PROMPT: What is needed is a faithful copy of all the entries, with no pictures in it.
### THE DATA ###
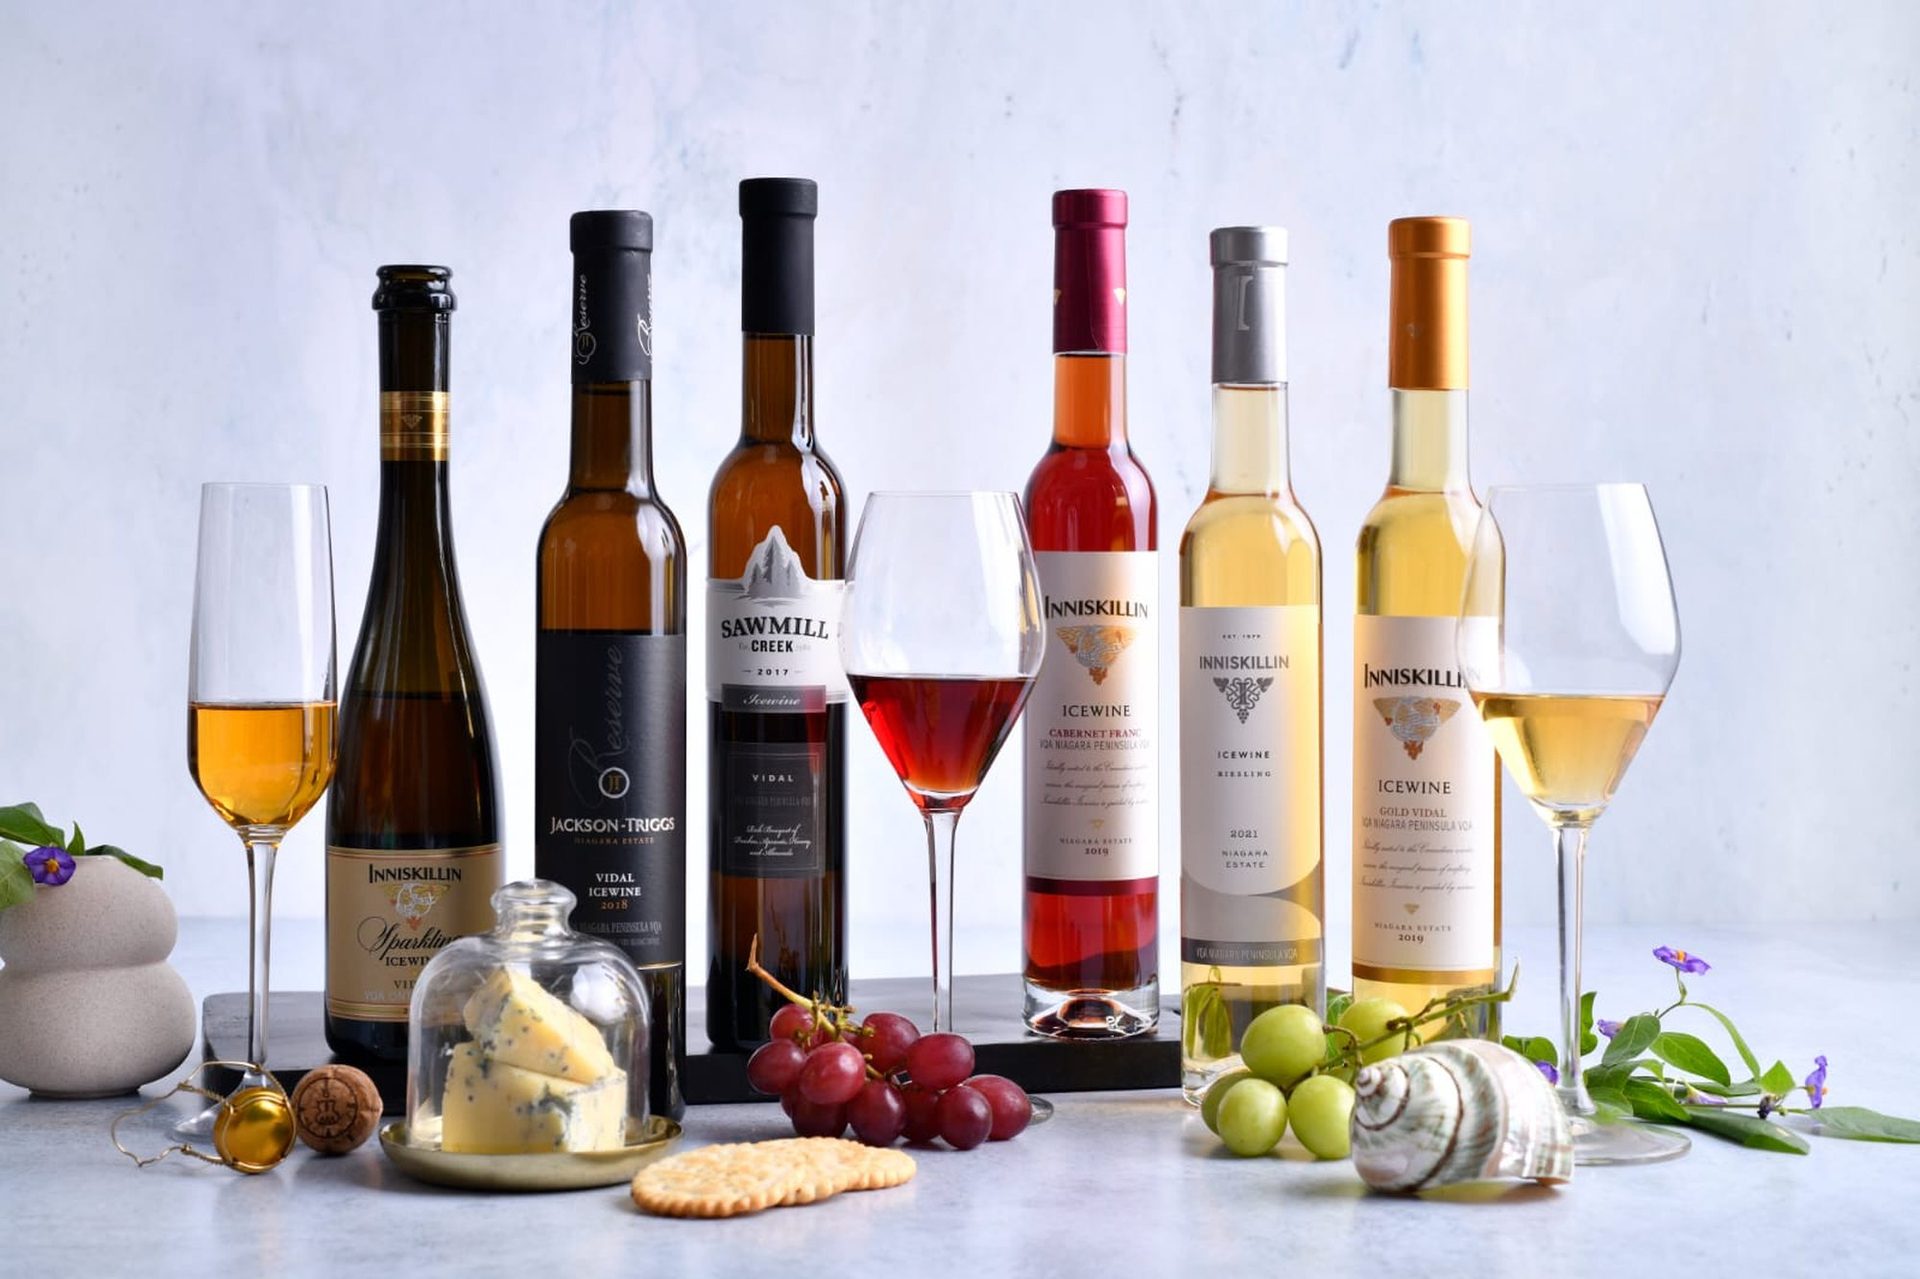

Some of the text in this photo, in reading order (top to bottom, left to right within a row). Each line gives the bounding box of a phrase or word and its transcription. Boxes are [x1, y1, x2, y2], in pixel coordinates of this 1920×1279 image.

[1044, 595, 1149, 619] INNISKILLIN
[721, 616, 829, 640] SAWMILL
[751, 640, 793, 652] CREEK
[1199, 656, 1290, 669] INNISKILLIN
[757, 668, 789, 676] 2017
[743, 695, 801, 706] Icewine
[1062, 704, 1132, 717] ICEWINE
[1049, 728, 1142, 738] CABERNET FRANC
[1217, 751, 1271, 759] ICEWINE
[752, 774, 794, 782] VIDAL
[1378, 780, 1452, 795] ICEWINE
[1379, 806, 1448, 818] GOLD VIDAL
[550, 816, 675, 835] JACKSON-TRIGGS
[1230, 830, 1259, 839] 2021
[1084, 847, 1109, 856] 2019
[1225, 861, 1265, 869] ESTATE
[369, 864, 462, 884] INNISKILLIN
[596, 873, 635, 883] VIDAL
[589, 887, 641, 897] ICEWINE
[601, 900, 628, 910] 2018
[357, 916, 465, 961] Sparklin
[1398, 934, 1424, 943] 2019
###
RESPONSE TO THE EXERCISE:
Some of the text in this photo, in reading order (top to bottom, left to right within a row). Each line gives the bounding box of a phrase or word and its transcription. Boxes are [x1, y1, x2, y2], in pixel coordinates of this 1920×1279 image.

[1044, 595, 1149, 619] INNISKILLIN
[721, 616, 829, 640] SAWMILL
[751, 640, 793, 652] CREEK
[1199, 656, 1290, 669] INNISKILLIN
[757, 668, 789, 676] 2017
[743, 695, 801, 706] Icewine
[1062, 704, 1132, 717] ICEWINE
[1049, 728, 1142, 738] CABERNET FRANC
[1217, 751, 1271, 759] ICEWINE
[752, 774, 794, 782] VIDAL
[1378, 780, 1452, 795] ICEWINE
[1379, 806, 1448, 818] GOLD VIDAL
[550, 816, 675, 835] JACKSON-TRIGGS
[1230, 830, 1259, 839] 2021
[1084, 847, 1109, 856] 2019
[1225, 861, 1265, 869] ESTATE
[369, 864, 462, 884] INNISKILLIN
[596, 873, 635, 883] VIDAL
[589, 887, 641, 897] ICEWINE
[601, 900, 628, 910] 2018
[357, 916, 465, 961] Sparklin
[1398, 934, 1424, 943] 2019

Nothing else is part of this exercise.